Review
von Leimbacher-Mario
Glorreich geschmacklos
Ein kleiner Junge vermutet verständlich verängstigt, dass seine klassischen Vorzeigeeltern vielleicht Kannibalen sein könnten - und wir Zuschauer können uns ein teuflisches Grinsen bei dieser frechen Horrorkomödie kaum verkneifen!
Kannibalische Horrorfilme gibt’s wie Sand am Meer, von ernst über augenzwinkernd bis straight up comedy, von Mainstream über Splatter bis Arthouse, von „Texas Chainsaw Massacre“ über „We Are What We Are“ bis „Raw“. „Parents“ hat von allen Kategorien und Richtungen etwas, wird in Konversationen und Abhandlungen zu dem Thema aber eher unter den Tisch fallen gelassen. Das sollte nicht so sein! Denn Bob Balabans bitterböse Fleischplatte hat es wirklich in sich - und da meine ich nicht nur die Proteine! Der Stil ist kunstvoll und doch knackig, der Humor trifft hart und tief und fies, die Darsteller marinieren sich in Blut, Wahnsinn und Zwielicht, das Ganze hat echten Schrecken und lautes Lachen. Das kann man doch nicht machen?! Doch, kann man! Verstörend unter dem Radar.

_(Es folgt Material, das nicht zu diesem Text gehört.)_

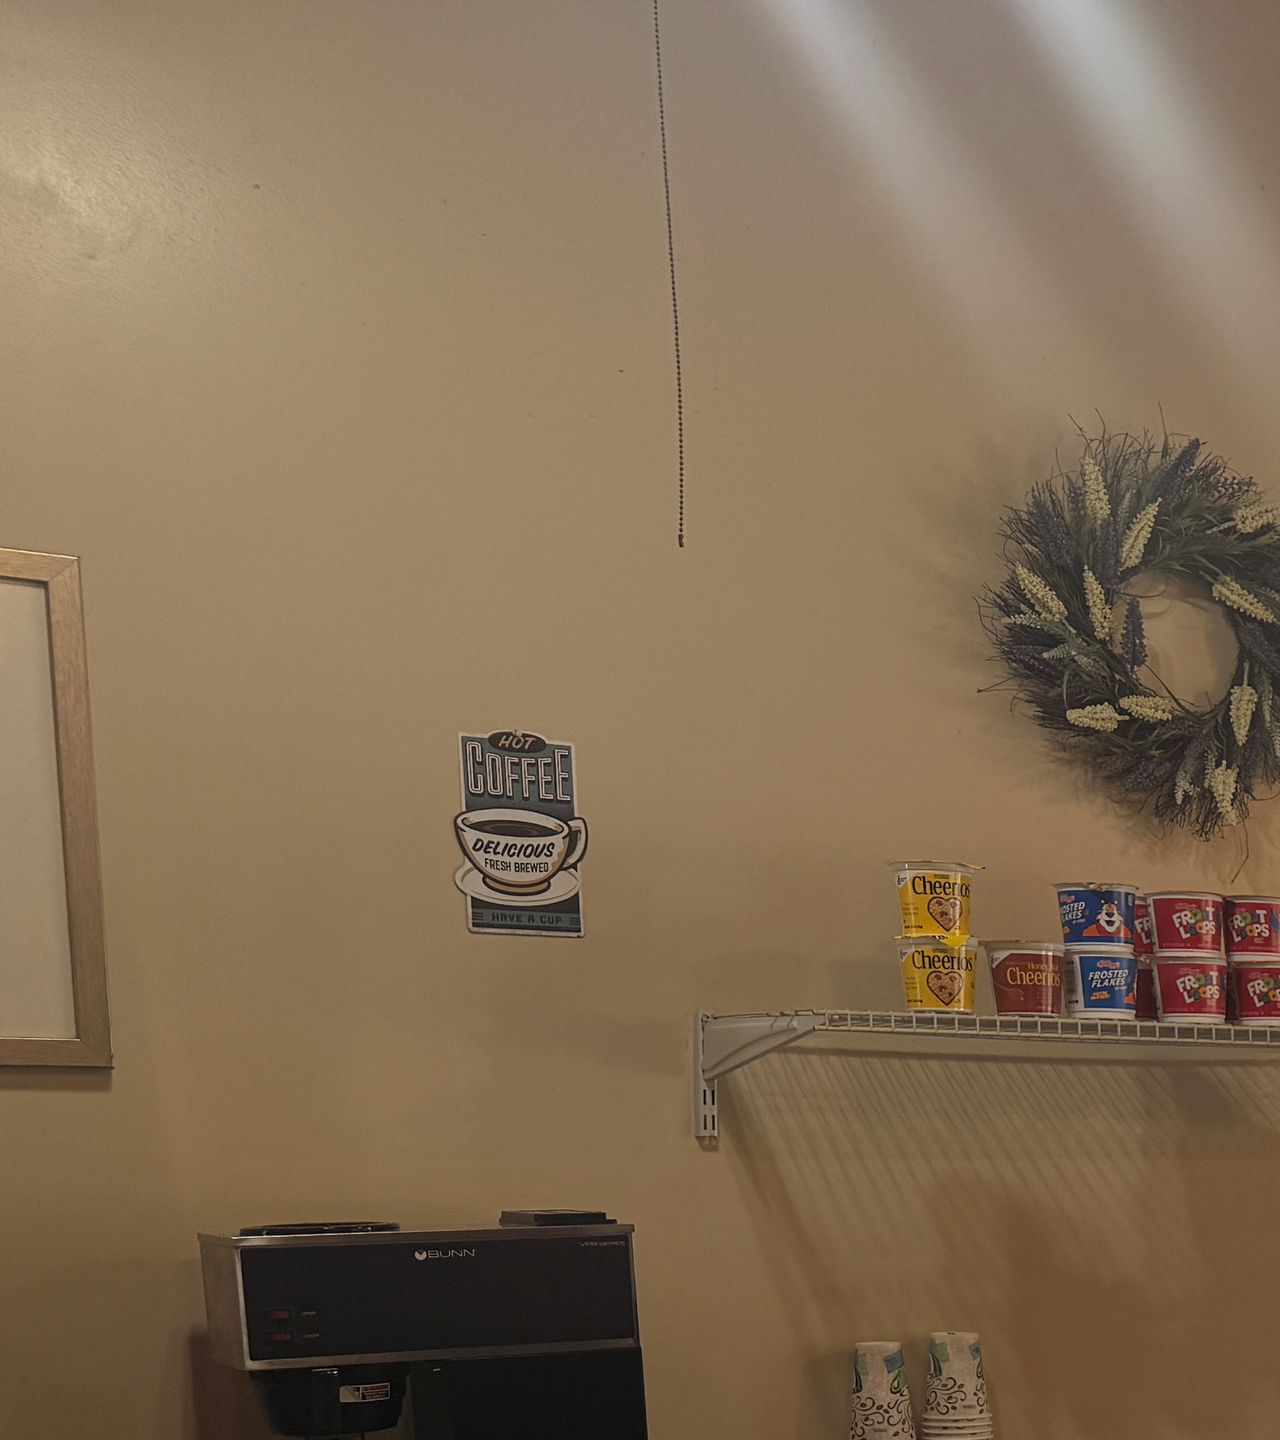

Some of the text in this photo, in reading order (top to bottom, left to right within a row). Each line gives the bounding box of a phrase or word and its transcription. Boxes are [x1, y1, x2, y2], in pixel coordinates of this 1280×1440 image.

[498, 735, 536, 750] HOT
[466, 741, 571, 801] COFFEE
[472, 838, 555, 858] DELICIOUS
[484, 858, 549, 873] FRESH BREWED
[492, 911, 562, 925] HAVE A CUP
[912, 950, 973, 971] Cheerios
[1007, 967, 1060, 986] Cheerios
[1088, 969, 1129, 980] FROSTED
[1091, 977, 1126, 988] FLAKES
[428, 1248, 476, 1260] BUNN

Fazit: famose Horror- und 50s-Satire zwischen Vorstadtidylle und Kannibalismus, zwischen Lynch und Waters, zwischen Angrillen und Ankotzen. Makaber, morbide, metaphorisch, mindestens mal missverstanden und unterschätzt. Liebe geht durch den Magen! Esst euer Eiweiss! Menschenmettmaschetten.